• WHAT TO PRODUCE
Omit the images. Restate all of the records word for word.

--

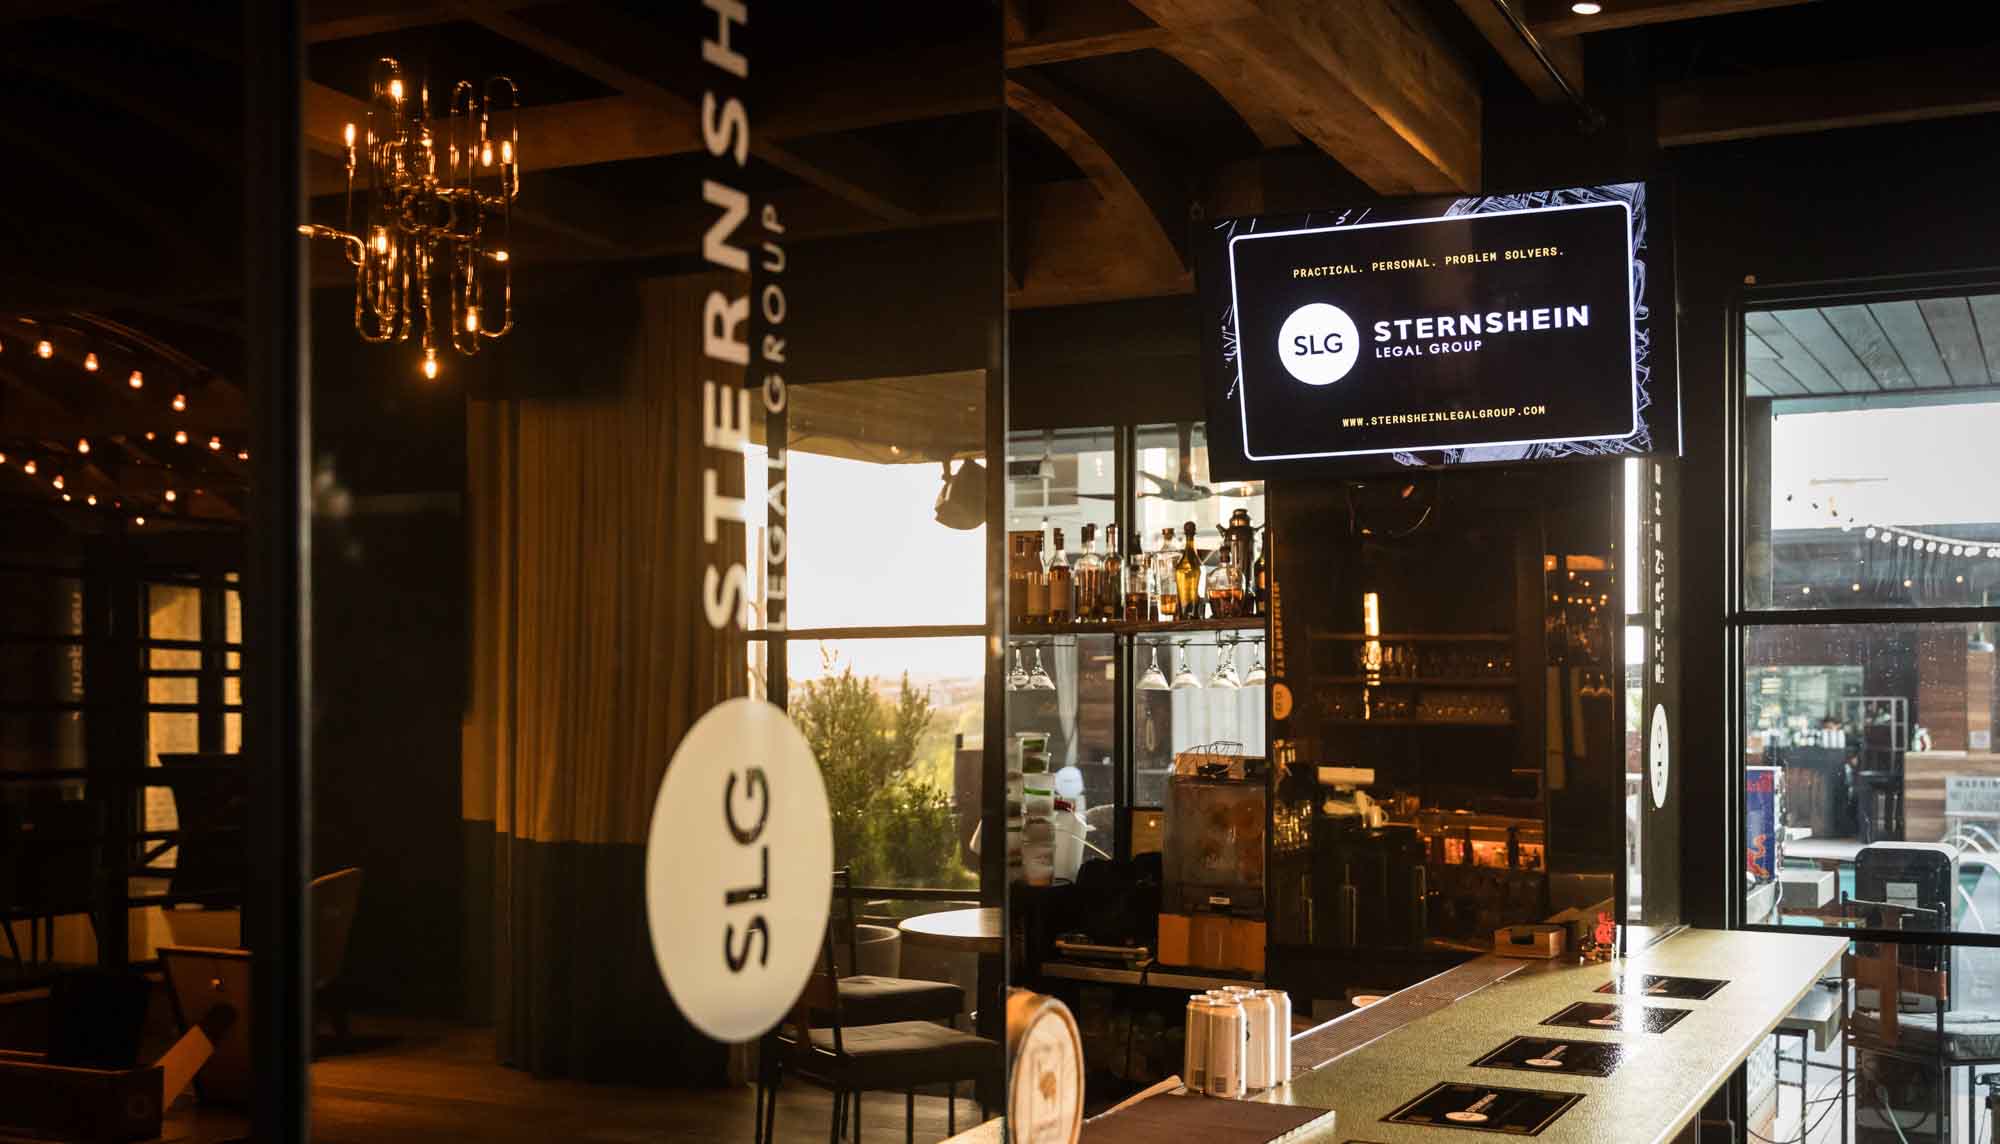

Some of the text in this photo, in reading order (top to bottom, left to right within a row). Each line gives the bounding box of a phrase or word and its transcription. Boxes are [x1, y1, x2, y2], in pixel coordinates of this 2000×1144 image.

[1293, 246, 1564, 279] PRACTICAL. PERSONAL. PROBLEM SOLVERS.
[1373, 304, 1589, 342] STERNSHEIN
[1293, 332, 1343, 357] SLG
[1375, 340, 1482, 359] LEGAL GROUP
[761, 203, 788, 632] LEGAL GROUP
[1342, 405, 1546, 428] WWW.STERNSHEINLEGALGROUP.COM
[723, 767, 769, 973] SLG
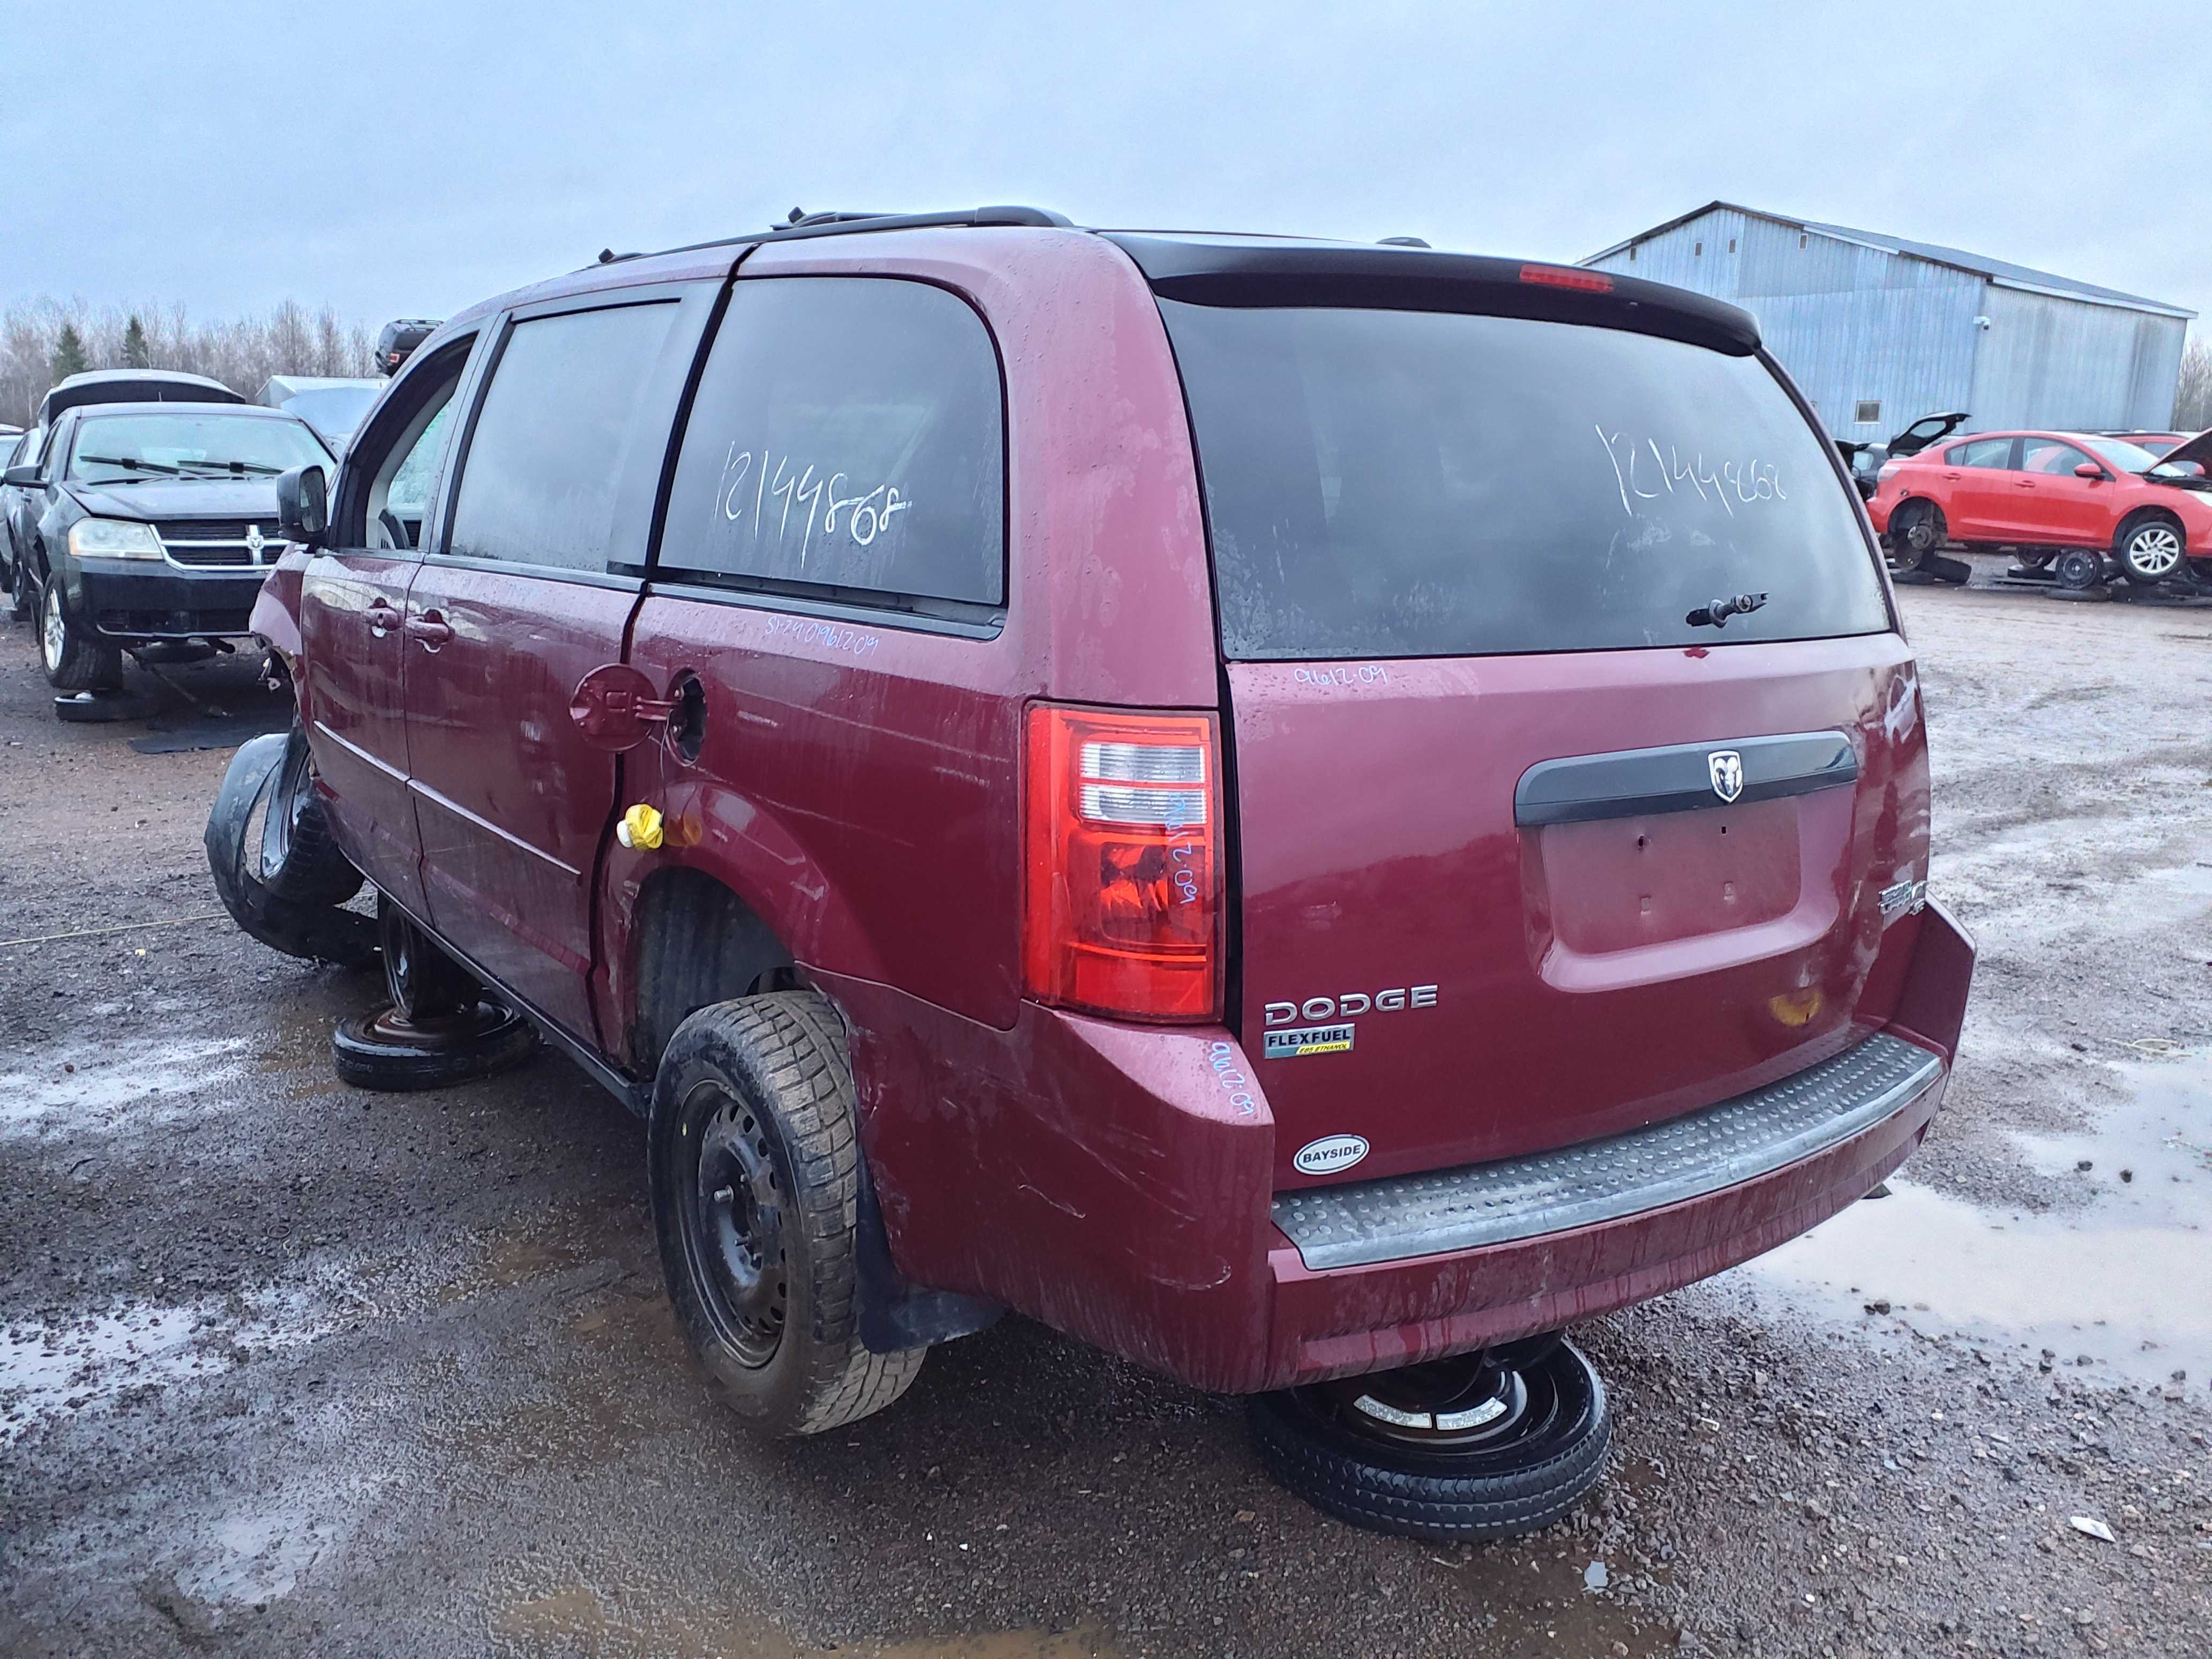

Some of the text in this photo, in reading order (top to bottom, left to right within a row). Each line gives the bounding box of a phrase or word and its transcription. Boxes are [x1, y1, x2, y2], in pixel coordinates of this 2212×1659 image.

--

• TASK RESPONSE
Some of the text in this photo, in reading order (top to bottom, left to right within a row). Each line gives the bounding box of a phrase or word and its transcription. Boxes are [x1, y1, x2, y2], in pixel coordinates of this 2000×1144 image.

[1293, 246, 1564, 279] PRACTICAL. PERSONAL. PROBLEM SOLVERS.
[1373, 304, 1589, 342] STERNSHEIN
[1293, 332, 1343, 357] SLG
[1375, 340, 1482, 359] LEGAL GROUP
[761, 203, 788, 632] LEGAL GROUP
[1342, 405, 1546, 428] WWW.STERNSHEINLEGALGROUP.COM
[723, 767, 769, 973] SLG

Some of the text in this photo, in reading order (top to bottom, left to right within a row). Each line gives the bounding box of a phrase or word and its transcription. Boxes are [x1, y1, x2, y2], in pixel coordinates of this 2212×1659 image.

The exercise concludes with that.